2
votes

I have setup a sample Kafka cluster on AWS and am trying to identify maximum throughput possible with the given configurations. I am currently following post provided here for this analysis.

https://engineering.linkedin.com/kafka/benchmarking-apache-kafka-2-million-writes-second-three-cheap-machines

I would appreciate it if you could clarify the following issues.

I observed a throughput of 40MB/s for messages of size 512 bytes ( single producer - single consumer ) with given hardware. Assume I need to achieve a throughput of 80MB/s.

As I understand one way to do this to increase the number of partitions per topic and increase the number of threads in producer and consumer. ( Assuming I do not change the default values for batch size, compression ratio etc. )

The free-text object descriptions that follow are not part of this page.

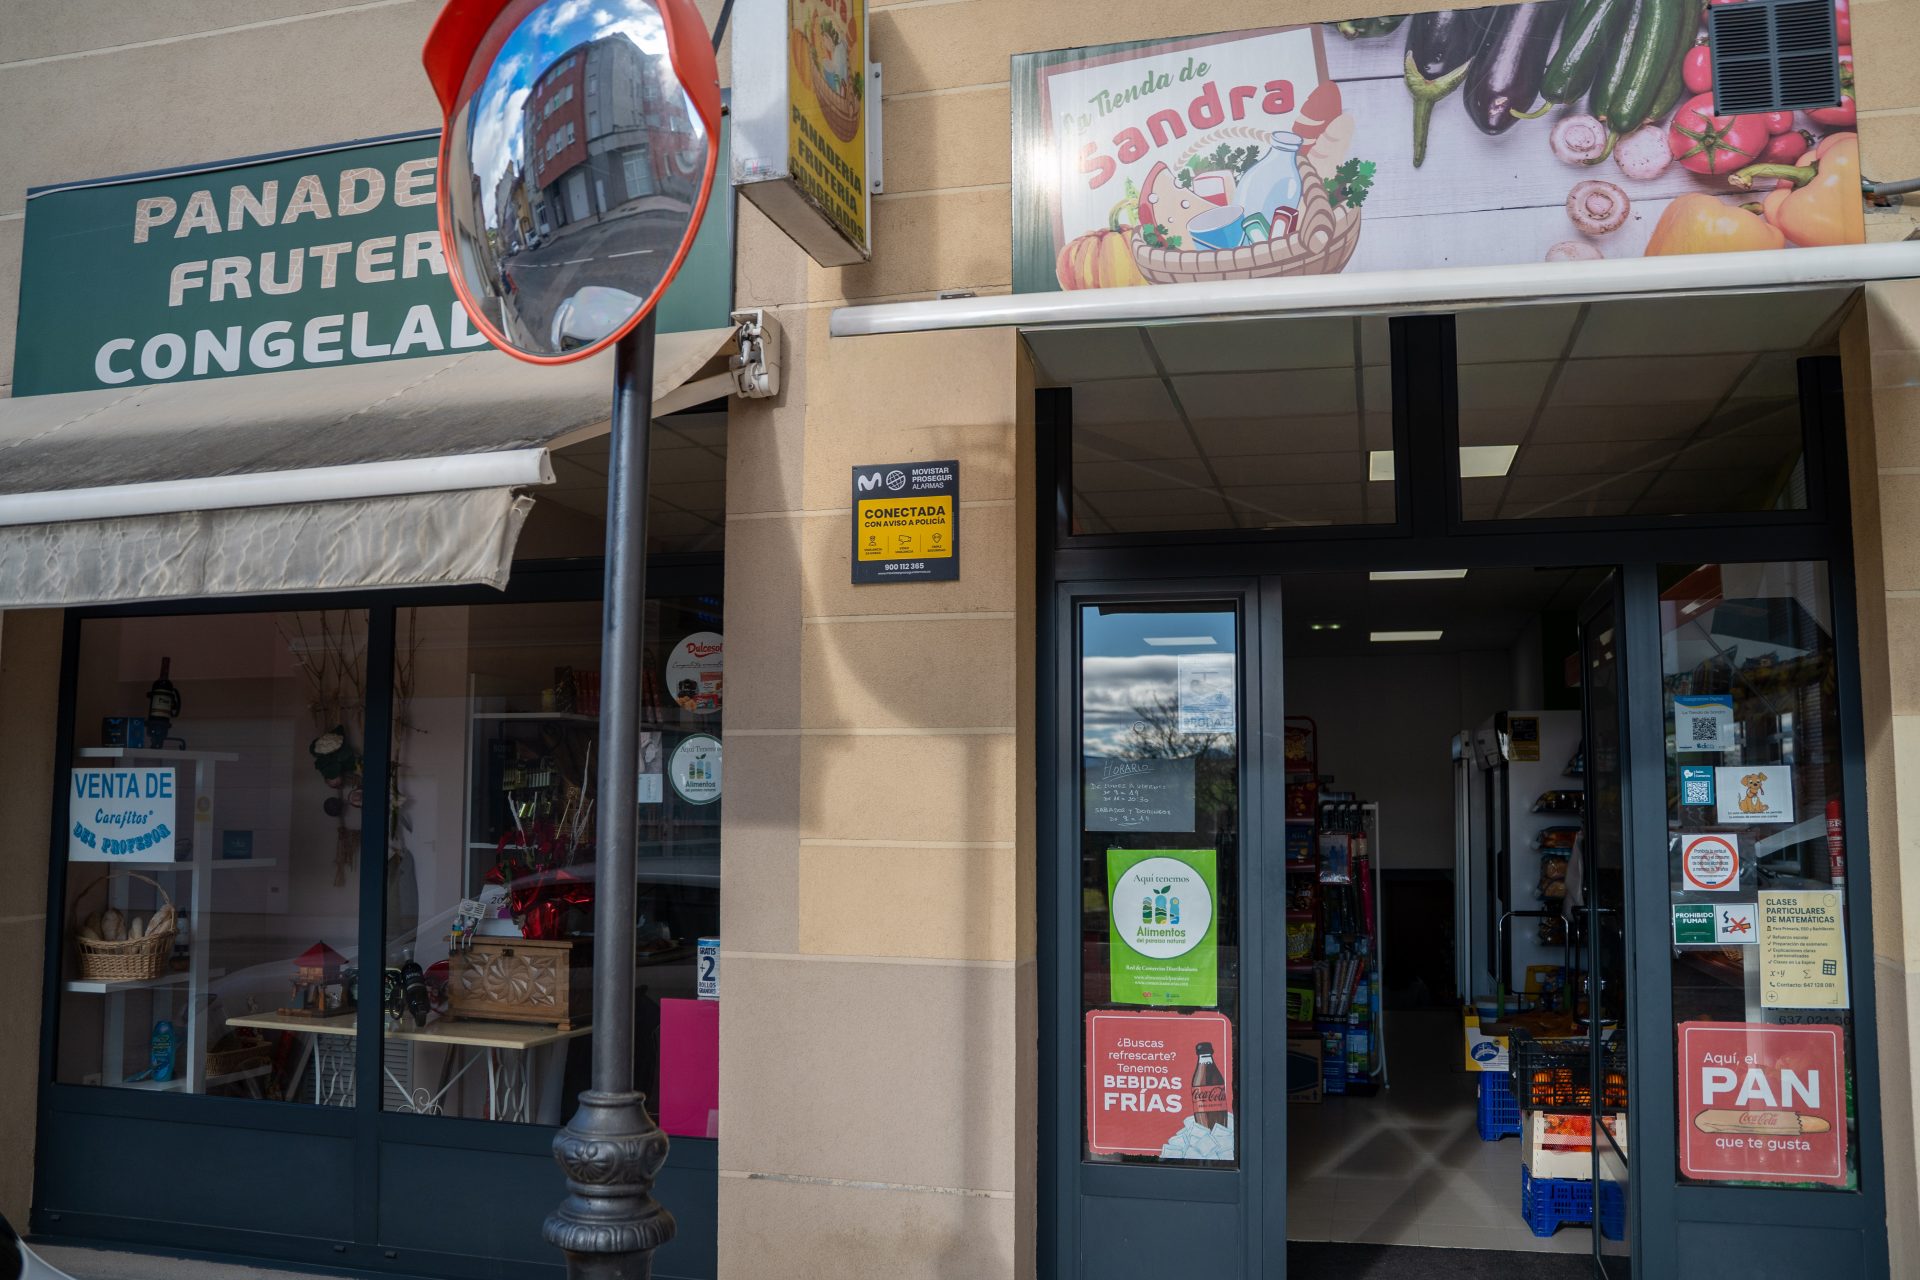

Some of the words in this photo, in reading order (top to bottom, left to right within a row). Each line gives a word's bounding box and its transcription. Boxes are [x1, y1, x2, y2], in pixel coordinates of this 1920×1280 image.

[1088, 70, 1174, 117] Tienda
[1179, 56, 1212, 83] de
[1078, 78, 1296, 190] Sandra
[792, 104, 863, 197] PANADERÍA
[798, 137, 859, 216] FRUTERÍA
[791, 155, 866, 243] CONGELADOS
[911, 467, 950, 475] MOVISTAR
[911, 474, 953, 483] PROSEGUR
[911, 482, 945, 490] ALARMAS
[864, 506, 946, 519] CONECTADA
[883, 519, 907, 527] AVISO
[915, 517, 946, 525] POLICÍA
[884, 563, 899, 571] 900
[686, 640, 723, 655] Dulcesol
[74, 772, 140, 799] VENTA
[145, 772, 173, 799] DE
[73, 821, 97, 849] DEL
[101, 823, 171, 855] PROFESOR
[1133, 873, 1154, 885] Aquí
[1766, 898, 1797, 906] CLASES
[1766, 907, 1826, 915] PARTICULARES
[1778, 915, 1835, 923] MATEMÁTICAS
[1136, 925, 1186, 937] Alimentos
[699, 947, 716, 955] GRATIS
[1117, 1038, 1164, 1048] ¿Buscas
[1108, 1051, 1176, 1061] refrescarte?
[1703, 1052, 1740, 1065] Aquí,
[1744, 1052, 1758, 1064] el
[1117, 1064, 1168, 1074] Tenemos
[1103, 1075, 1182, 1090] BEBIDAS
[1701, 1067, 1821, 1109] PAN
[1103, 1089, 1183, 1113] FRÍAS
[1715, 1138, 1743, 1150] que
[1748, 1137, 1763, 1148] te
[1768, 1138, 1811, 1151] gusta

  1. How to find the maximum throughput possible with given hardware? The point after which we are required to improve our hardware resources if we are to further improve the throughput?

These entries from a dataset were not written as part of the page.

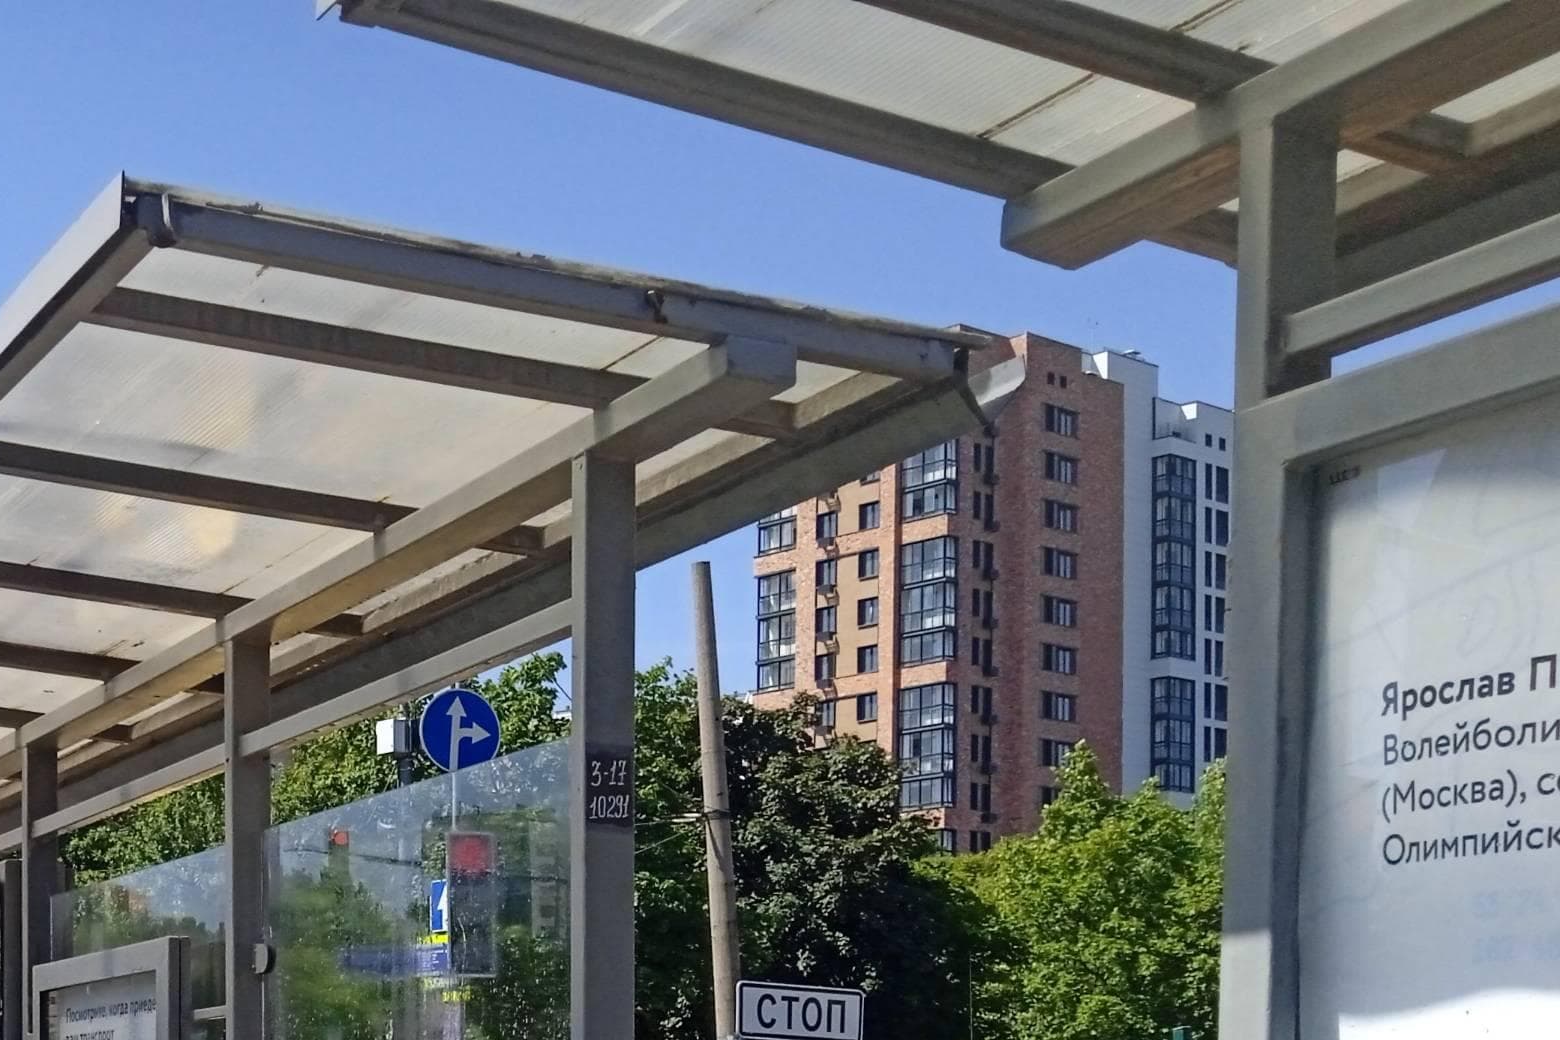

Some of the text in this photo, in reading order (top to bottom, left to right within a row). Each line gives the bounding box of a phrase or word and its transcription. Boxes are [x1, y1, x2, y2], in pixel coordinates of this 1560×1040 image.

[1380, 671, 1516, 721] Ярослав
[590, 760, 627, 787] 3-17
[589, 794, 630, 819] 10291
[1382, 768, 1560, 824] (Москва), с
[757, 993, 846, 1034] СТОП

( In other words how to make the decision "With X GB RAM and Y GB disk space this is the maximum throughput I can achieve. If I need to further improve the throughput I have to upgrade RAM to XX GB and disk space to YY GB" )

2.Should we scale the cluster vertically or horizontally? What is the recommended approach?

Thank you.

1

1 Answers

2
votes
  1. If we define throughput as the volume of data transmitted over the network per second, the maximum throughput should not exceed #machine number * bandwidth. Given a single machine whose NIC is configured with 1Gbps, the max TPS on single machine cannot be larger than 1Gbps. In your case, TPS is 40MB/s, namely 320Mbps,which is quite less than 1Gbps, meaning there is still room for improvement. However, if your target is far larger than 1Gbps, you definitely need more machines.

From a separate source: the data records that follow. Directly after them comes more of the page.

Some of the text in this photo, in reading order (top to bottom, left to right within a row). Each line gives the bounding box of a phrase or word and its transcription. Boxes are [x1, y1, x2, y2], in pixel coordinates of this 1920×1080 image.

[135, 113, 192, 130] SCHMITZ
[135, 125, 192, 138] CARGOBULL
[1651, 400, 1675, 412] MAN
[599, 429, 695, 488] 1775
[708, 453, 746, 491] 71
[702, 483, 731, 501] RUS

  2. AFAIK, bandwidth is the most likely cause for the system bottleneck. Unlike CPU and RAM, it's not easy to scale vertically, so a horizontally scaling might be an option.

You could do some maths before scaling. Say the throughput target is "produce 2 billion of records with 512Bytes in 1 hour". That's to say, the TPS has to achieve 2,000,000,000 * 8 * 512 / 3600 / 1024 / 1024 = 2170mbps. Assuming available bandwidth for single machine is 700mbps(Over 70% usage normally brings 'packet loss'), at least 4 machines should be planned for the producer application.